Many manufacturers would instinctively think that they can get along with just an ERP system; however, when there are several changes per day in a BOM, the extra effort involved in running a separate system is dwarfed by the effort saved by having a management system that works.

NEGATIVE: Companies in many industries with high obsolescence and frequent product change feel the need for a BOM manager, but Agile has not had the impact in these industries that it has had in high-tech electronics. We therefore believe that adaptability to other industries is an issue.

The product is most useful when there is a well-defined workflow for creating and modifying products that is supported by its software; if the fit is poor, it will not be helpful.

The product may end up requiring integration with multiple systems. We have not assessed the integration tools, but they should be looked at with care.

In order to do collaborative BOM management, it is important to have a supplier dashboard, which can give information about the supplier, its personnel, its products, etc. The dashboard is particularly necessary when the workflow manager needs to move processes between companies.

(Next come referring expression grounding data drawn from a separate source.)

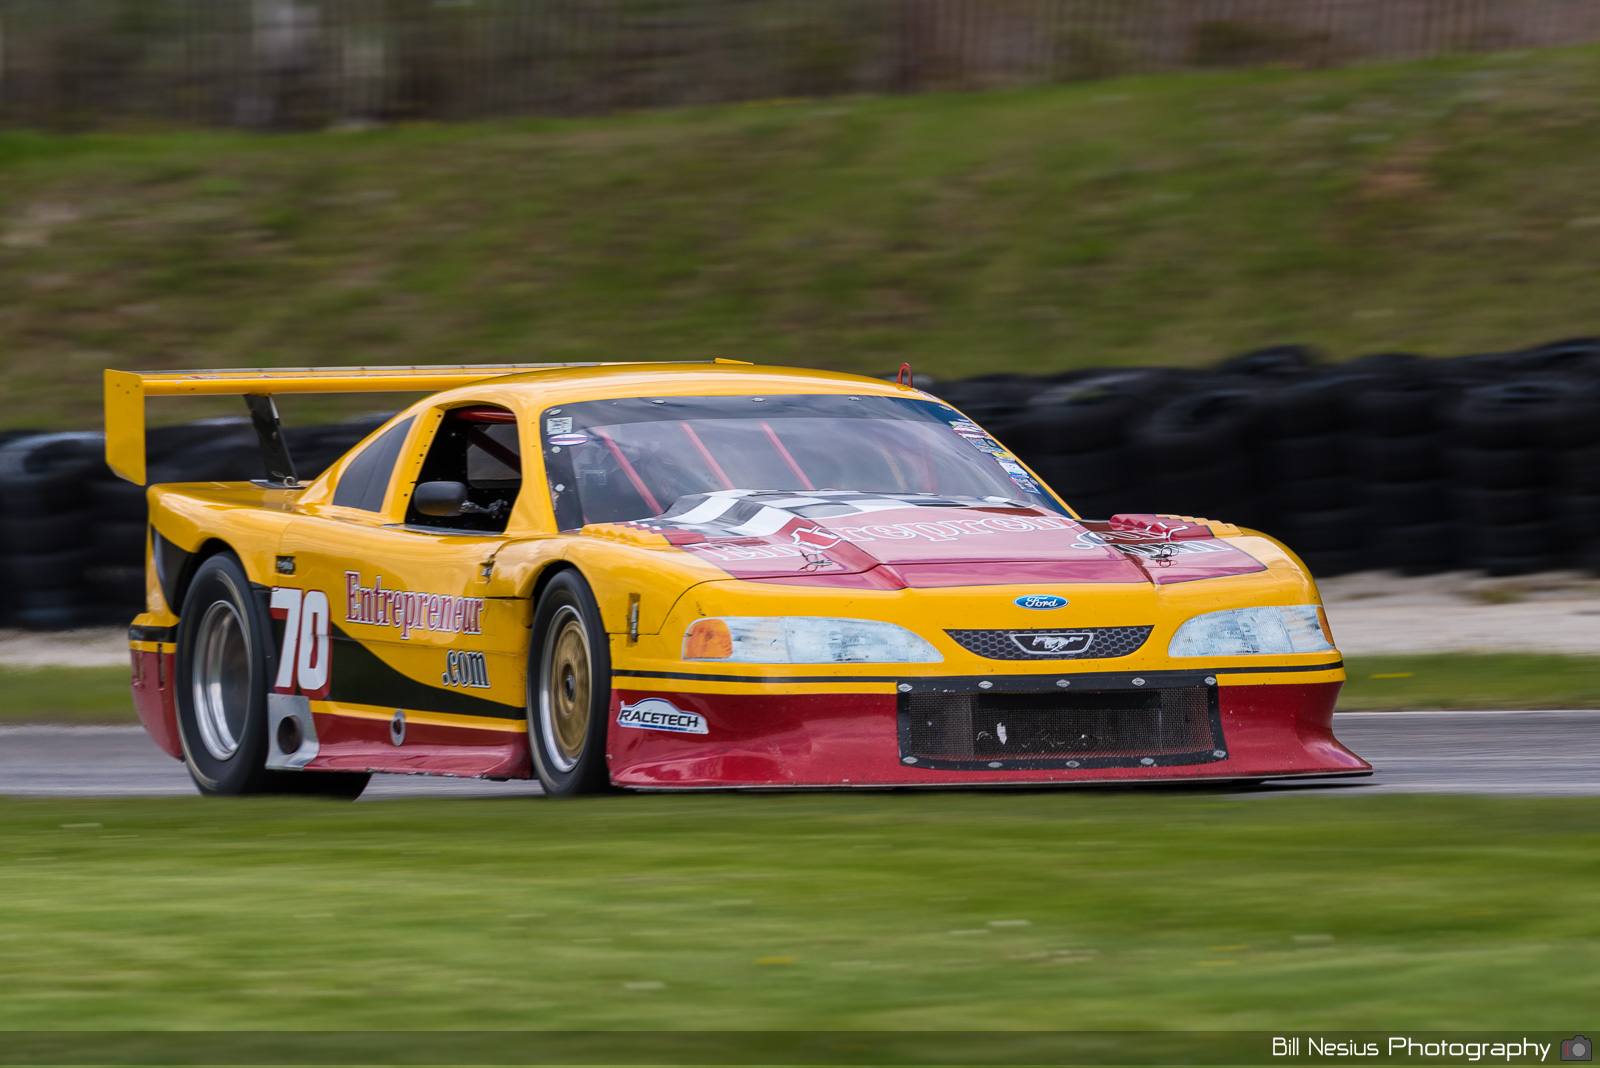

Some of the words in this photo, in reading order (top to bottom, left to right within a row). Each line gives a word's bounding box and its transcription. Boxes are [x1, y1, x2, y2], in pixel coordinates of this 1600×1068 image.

[344, 570, 485, 640] Entrepreneur
[1024, 595, 1060, 609] Ford
[269, 585, 332, 699] 70
[441, 648, 492, 689] .com
[618, 709, 700, 728] RACETECH

Agile's product in this area is not as strong as some of its nominal competitors (see below).

BOTTOM LINE: Companies that use Excel and ERP to manage frequent product changes have a good chance of getting positive ROI from Agile's software.

Competitive Landscape

The competitive landscape in this area is among the most confusing in the entire business application area.

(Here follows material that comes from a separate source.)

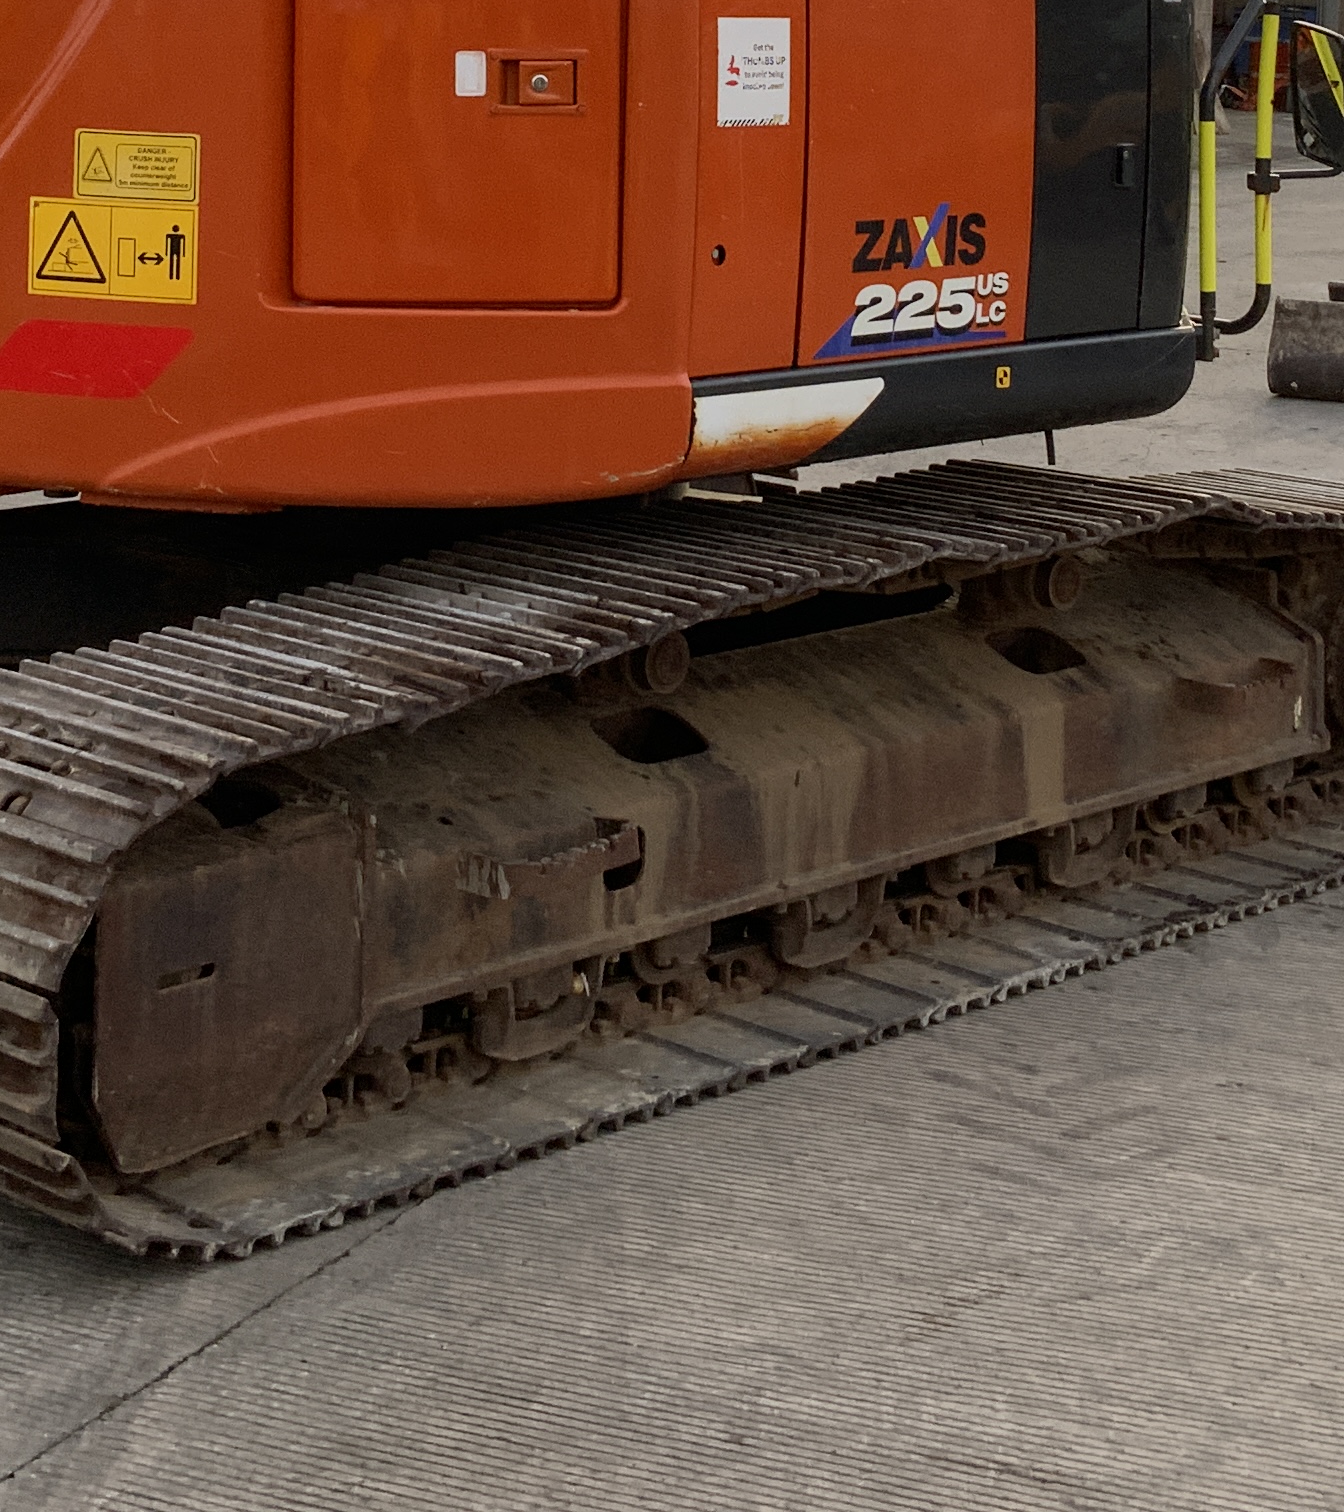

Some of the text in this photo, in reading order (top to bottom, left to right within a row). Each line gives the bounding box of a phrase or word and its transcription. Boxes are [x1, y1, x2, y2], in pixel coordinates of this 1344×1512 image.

In most analyses, Agile is lumped in with Matrix One and Parametric Technologies as a collaborative product design company. These analyses ignore the fundamental difference between design engineering and industrial engineering.

Matrix One and Parametric Technologies support design engineering with Product Data Management and visualization software. Essentially, they let people store data (especially drawings) about a new product and help people manage the approval of the new product within engineering.

Agile comes in later in the process. Their software helps people create and manage the bill of materials, that is, the list of components used in the product as manufactured.

Neither Matrix One nor Parametric Technologies makes a product that competes on a level playing field with Agile in its core area, electronics.

In the area of communication with suppliers, particularly in the area of supplier portal management, authorized vendor lists, etc., there is some competition. Matrix One has quite a good product in this area; so does i2 (Aspect). SAP is in the processing of developing one.